MHA for The Straits – White Bay North
- In office 1985–1999
- Preceded by: Ed Roberts
- Succeeded by: Brian Tobin

Personal details
- Born: November 17, 1941 St. Anthony, Newfoundland and Labrador
- Died: August 8, 2015 (aged 73) Newfoundland and Labrador
- Party: Liberal Party of Newfoundland and Labrador
- Occupation: Businessman

= Chris Decker =

Canadian politician

Christopher Robert Decker (November 17, 1941 - August 8, 2015) was an English United Church clergyman, businessman and politician in Newfoundland and Labrador. He represented The Straits – White Bay North in the Newfoundland House of Assembly from 1985 to 1999.

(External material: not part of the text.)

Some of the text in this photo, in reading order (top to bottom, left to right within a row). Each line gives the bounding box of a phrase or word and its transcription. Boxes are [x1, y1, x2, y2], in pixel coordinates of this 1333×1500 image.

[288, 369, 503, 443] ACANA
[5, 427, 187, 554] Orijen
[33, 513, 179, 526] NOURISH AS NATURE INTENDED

The son of Alan Decker and Leah Simms, he was born in St. Anthony and grew up in Roddickton. He attended high school in Roddickton and Prince Of Wales College and went on to receive a BA from Memorial University and a Master of Divinity from Pine Hill Divinity Hall in Halifax, Nova Scotia. Decker served as a minister in various places in Canada. In 1967, he married Patricia Roberts. In 1972, Decker returned to Roddickton, where he operated several businesses and served two terms as mayor. He served as member and chair for the Strait of Belle Isle Integrated School Board and for the Vinland Integrated School Board. He also served on the Integrated Education Council for Newfoundland and Labrador. Decker was a member of the board of regents for Memorial University and served as chair from 2002 to 2003.

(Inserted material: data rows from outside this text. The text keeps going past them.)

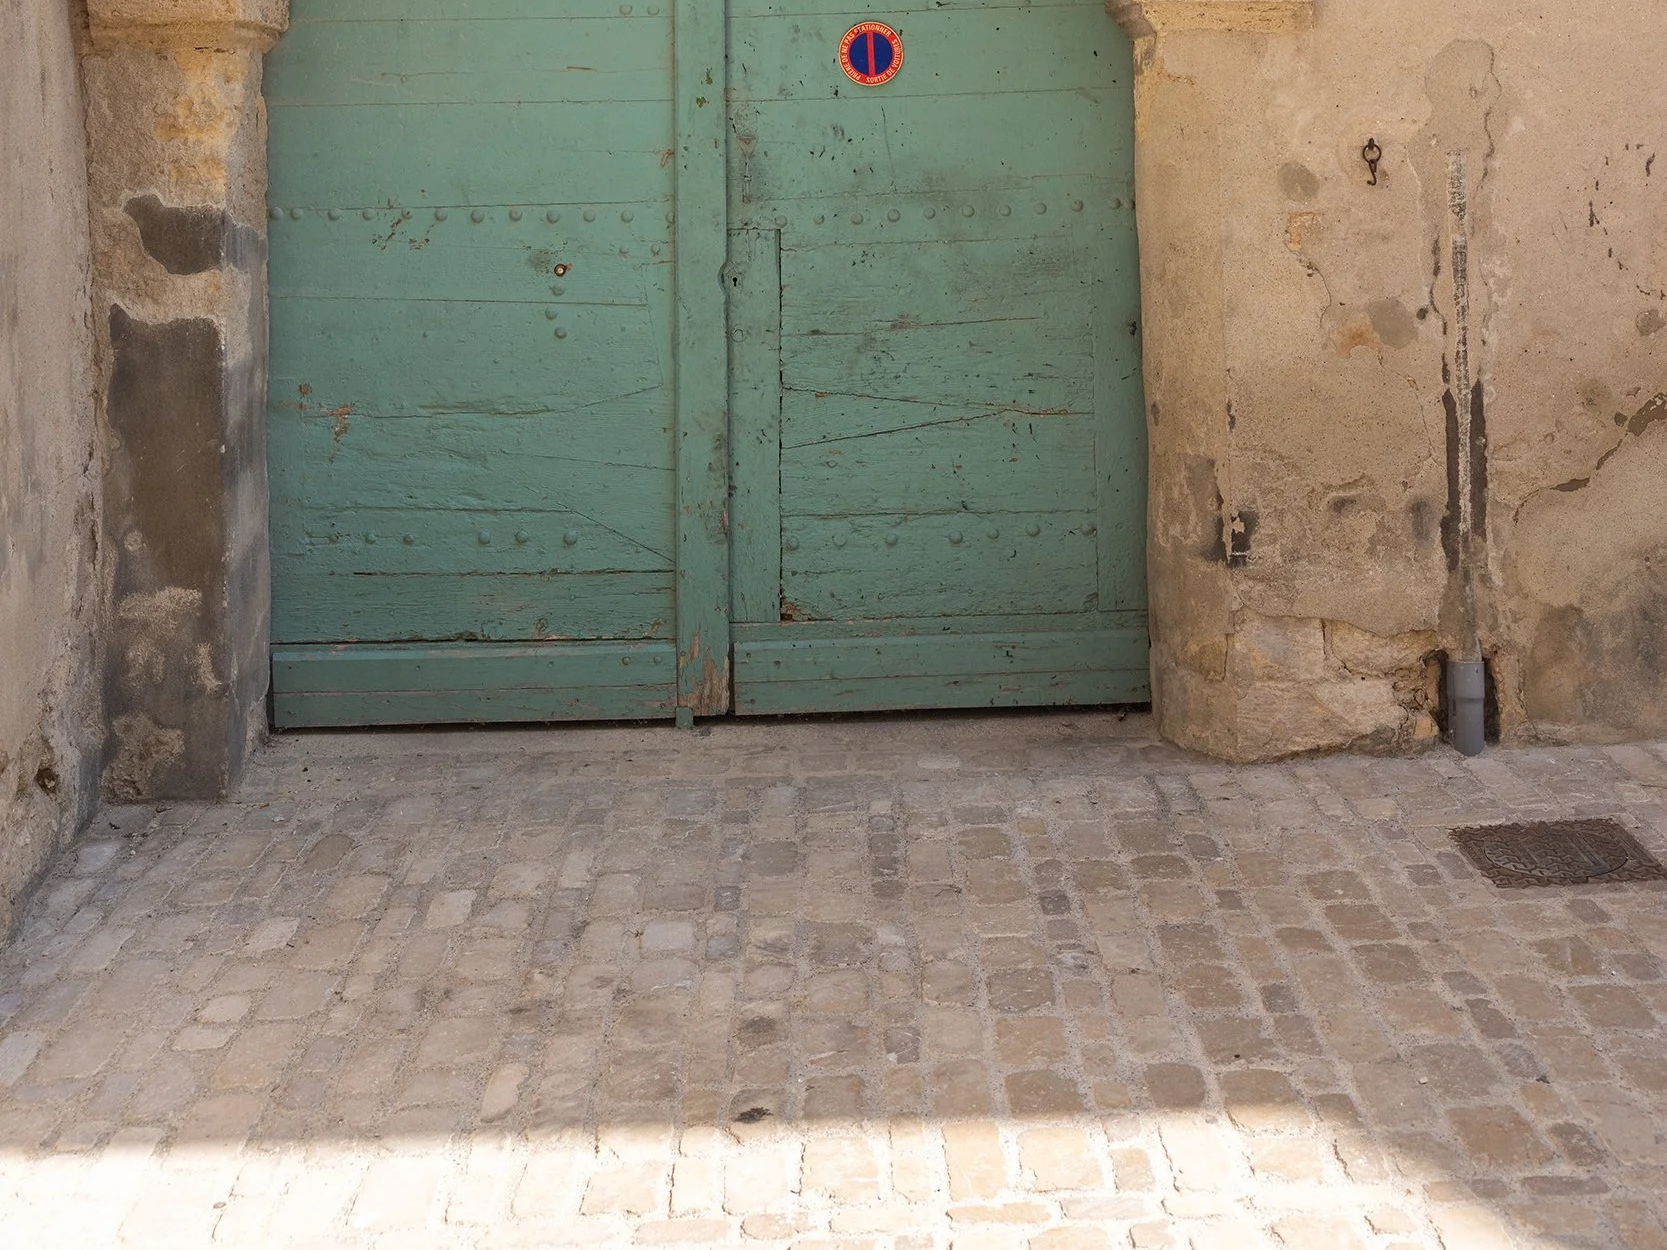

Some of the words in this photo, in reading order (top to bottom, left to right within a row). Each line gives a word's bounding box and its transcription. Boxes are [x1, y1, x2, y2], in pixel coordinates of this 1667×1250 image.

[854, 24, 891, 36] STATIONNER
[844, 32, 855, 44] PAS
[841, 44, 848, 53] NE
[841, 54, 848, 62] DE
[866, 74, 887, 83] SORTIE
[887, 68, 895, 76] DE
[892, 38, 902, 68] VOITURES

Decker was elected to the Newfoundland assembly in 1985; he was reelected in 1989, 1993 and 1996. He served in the provincial cabinet as Minister of Health, as Minister of Justice and Attorney General and as Minister of Education.

After leaving politics in 1999, he worked as a consultant. Decker also published three books:
- Gravel Pit Campers (2010)
- Dissolution (2012)
- By Right of Soil (2011)

Decker died of cancer at the age of 73.